As Africa intensifies efforts to harness nuclear technology for energy, health, and security, global institutions like the Dalton Nuclear Institute in the UK offer a compelling model. As part of The University of Manchester, the Institute leads the UK’s academic nuclear research ecosystem, covering the full spectrum from fission and fusion to medical and social sciences.
Dalton’s work emphasizes the critical role of nuclear materials, which underpin reliable fission reactors, enable experimental fusion systems, and power medical diagnostics and treatments. Their research informs key pillars of nuclear readiness, including:
- Fusion energy development – Although still decades away from commercialization, fusion offers long-term potential for clean, base-load power. It requires extreme conditions—100 million °C plasma, high density, and long confinement times—to initiate reactions, making it a major scientific and engineering challenge.
- Waste management and decommissioning – Dalton collaborates closely with UK industry (e.g., Sellafield Ltd. and Nuclear Waste Services) to tackle radioactive waste storage and site remediation through initiatives like the Nuclear Waste Services Research Support Office.

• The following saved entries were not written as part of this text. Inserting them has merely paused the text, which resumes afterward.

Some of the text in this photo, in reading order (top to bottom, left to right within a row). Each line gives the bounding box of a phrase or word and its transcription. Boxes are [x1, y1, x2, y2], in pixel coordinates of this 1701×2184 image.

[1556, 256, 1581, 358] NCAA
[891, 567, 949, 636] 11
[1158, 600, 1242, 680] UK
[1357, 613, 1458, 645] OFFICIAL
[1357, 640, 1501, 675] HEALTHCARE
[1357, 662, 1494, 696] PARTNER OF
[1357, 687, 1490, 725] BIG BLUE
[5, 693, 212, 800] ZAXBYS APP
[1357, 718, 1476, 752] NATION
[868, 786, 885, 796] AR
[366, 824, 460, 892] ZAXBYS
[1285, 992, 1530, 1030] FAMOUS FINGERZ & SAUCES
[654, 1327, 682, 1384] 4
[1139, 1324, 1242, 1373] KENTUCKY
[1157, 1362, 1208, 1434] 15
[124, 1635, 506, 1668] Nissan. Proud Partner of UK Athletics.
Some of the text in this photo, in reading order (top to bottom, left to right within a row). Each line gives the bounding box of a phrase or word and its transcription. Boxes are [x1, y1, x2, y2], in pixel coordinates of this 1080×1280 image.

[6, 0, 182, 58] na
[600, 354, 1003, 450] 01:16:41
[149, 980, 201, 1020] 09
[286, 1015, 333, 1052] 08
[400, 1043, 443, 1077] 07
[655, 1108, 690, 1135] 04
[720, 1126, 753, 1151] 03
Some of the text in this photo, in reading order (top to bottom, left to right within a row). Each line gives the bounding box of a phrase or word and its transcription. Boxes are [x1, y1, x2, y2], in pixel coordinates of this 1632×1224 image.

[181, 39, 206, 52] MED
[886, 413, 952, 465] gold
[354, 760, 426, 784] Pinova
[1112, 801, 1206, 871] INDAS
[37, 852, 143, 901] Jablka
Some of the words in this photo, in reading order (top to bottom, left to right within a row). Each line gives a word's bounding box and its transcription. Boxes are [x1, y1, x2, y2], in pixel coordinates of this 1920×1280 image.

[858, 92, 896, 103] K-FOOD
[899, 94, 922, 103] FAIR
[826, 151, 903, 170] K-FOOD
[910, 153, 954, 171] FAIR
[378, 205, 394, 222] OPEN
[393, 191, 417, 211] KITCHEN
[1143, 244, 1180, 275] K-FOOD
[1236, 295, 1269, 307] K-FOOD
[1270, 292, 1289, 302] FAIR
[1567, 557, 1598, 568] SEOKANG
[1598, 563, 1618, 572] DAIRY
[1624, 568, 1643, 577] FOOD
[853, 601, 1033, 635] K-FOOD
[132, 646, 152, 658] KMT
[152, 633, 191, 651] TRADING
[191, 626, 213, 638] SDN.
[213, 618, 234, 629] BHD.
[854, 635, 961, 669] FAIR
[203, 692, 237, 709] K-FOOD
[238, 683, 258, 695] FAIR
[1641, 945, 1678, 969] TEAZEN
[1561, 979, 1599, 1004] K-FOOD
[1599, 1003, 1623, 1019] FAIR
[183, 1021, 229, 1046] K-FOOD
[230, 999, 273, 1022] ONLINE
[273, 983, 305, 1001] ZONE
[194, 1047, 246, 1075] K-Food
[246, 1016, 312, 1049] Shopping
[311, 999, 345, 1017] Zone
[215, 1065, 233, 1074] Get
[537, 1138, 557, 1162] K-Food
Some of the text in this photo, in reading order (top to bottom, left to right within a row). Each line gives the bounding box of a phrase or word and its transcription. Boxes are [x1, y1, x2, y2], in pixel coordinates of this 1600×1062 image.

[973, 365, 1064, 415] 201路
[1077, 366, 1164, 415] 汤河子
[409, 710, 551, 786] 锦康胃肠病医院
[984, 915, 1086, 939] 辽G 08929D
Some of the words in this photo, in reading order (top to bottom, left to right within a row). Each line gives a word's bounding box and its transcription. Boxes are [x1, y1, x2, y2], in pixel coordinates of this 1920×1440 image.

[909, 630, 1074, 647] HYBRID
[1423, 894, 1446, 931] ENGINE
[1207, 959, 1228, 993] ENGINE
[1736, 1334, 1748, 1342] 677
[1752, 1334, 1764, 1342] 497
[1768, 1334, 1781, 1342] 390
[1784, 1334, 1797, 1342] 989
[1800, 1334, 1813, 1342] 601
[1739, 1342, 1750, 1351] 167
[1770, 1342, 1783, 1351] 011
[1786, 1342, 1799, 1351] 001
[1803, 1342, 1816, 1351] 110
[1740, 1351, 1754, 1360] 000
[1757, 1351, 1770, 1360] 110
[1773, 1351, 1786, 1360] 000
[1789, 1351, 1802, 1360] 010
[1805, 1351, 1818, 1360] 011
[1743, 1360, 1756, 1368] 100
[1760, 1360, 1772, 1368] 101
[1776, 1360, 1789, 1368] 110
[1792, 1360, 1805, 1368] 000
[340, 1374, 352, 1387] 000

- Talent pipeline and regulation – The Institute stresses the need to train globally competent nuclear scientists and engineers. It also supports the development of regulatory frameworks to ensure technologies like fusion are safely connected to energy grids when ready.
While fusion is unlikely to help with the immediate climate crisis, it is part of a dual-track strategy: use existing low-carbon technologies like fission and renewables in the near term, while investing in long-term breakthroughs like fusion.
Relevance for Africa
Africa’s pursuit of nuclear readiness can draw key lessons from the Dalton model:
- Invest in nuclear materials R&D to support both existing and emerging technologies.
- Build local talent pipelines aligned with future skills demands in fission, fusion, safety, and decommissioning.
- Forge public-private-academic partnerships to solve practical challenges like waste management.
- Adopt long-term strategies that balance urgent energy needs with future innovation potential.